Twits in court

Posted on March 28, 2011. Filed under: forensic | Tags: , , , , , , , , , , |

Here’s an interesting one – a friend of mine was giving evidence in crown court today and has just sent a text message to say that a journalist mentioned their name on Twitter.

Not so surprising ? Their name will probably appear in the press reports in tomorrow’s paper anyway. Well, yes – except for one thing. The tweeting was happening in real time. As the witnesses were being cross-examined a journalist was relaying highlights directly from the courtroom.

Now – I can’t help but wonder what effect this could have on the testimony of a witness who has yet to be called and who is being kept away from the court in a witness room.
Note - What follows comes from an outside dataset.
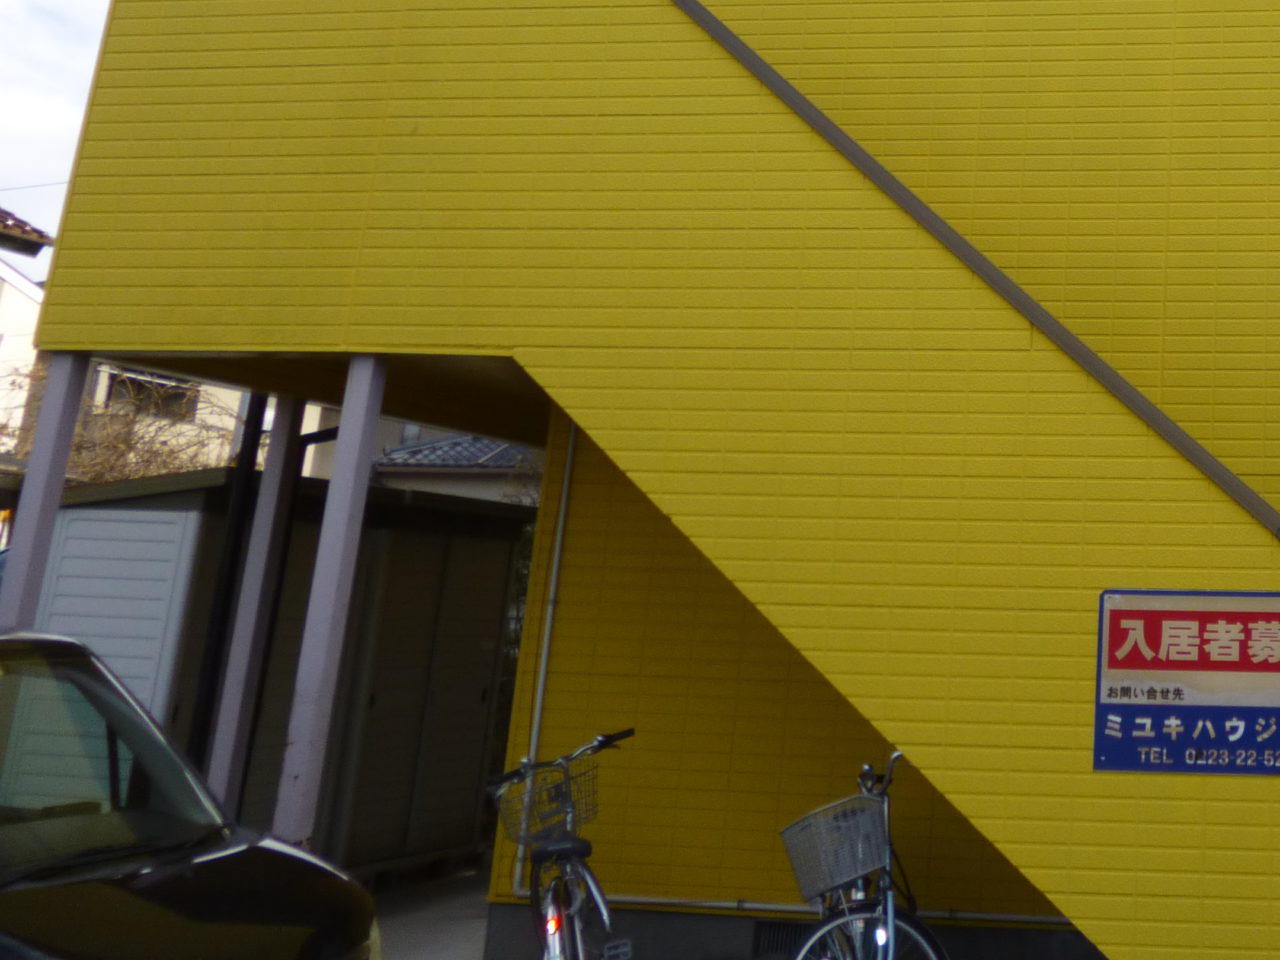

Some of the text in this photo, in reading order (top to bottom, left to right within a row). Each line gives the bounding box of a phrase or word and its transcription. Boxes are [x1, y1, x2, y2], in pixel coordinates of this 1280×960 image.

[1106, 686, 1185, 701] お問い合せ先
[1137, 747, 1174, 764] TEL
Usual practice calls for witnesses to give their evidence without hearing anyone else’s to ensure that they have not been influenced by anything that has happened in the court (with the exception of “experts” who have been granted the privilege of sitting in court to advise counsel).

Mobile data networks and blogging sites, of course, can completely destroy this isolation – witnesses can be sitting in the witness room receiving selected detail of the evidence as it is presented, possibly very carefully filtered by someone who really wants to influence them.

In this case, I don’t think that’s what happened – it’s just yet another instance of someone using a technology without thinking through the consequences.

Perhaps it’s time to revisit the issue of technology in court – cameras have been banned almost since they were invented – perhaps we need a blanket ban on everything which can communicate with the outside world, in the interests of impartiality and fairness for all ? Perhaps news, just like travel and food, would be better for being a little slower ?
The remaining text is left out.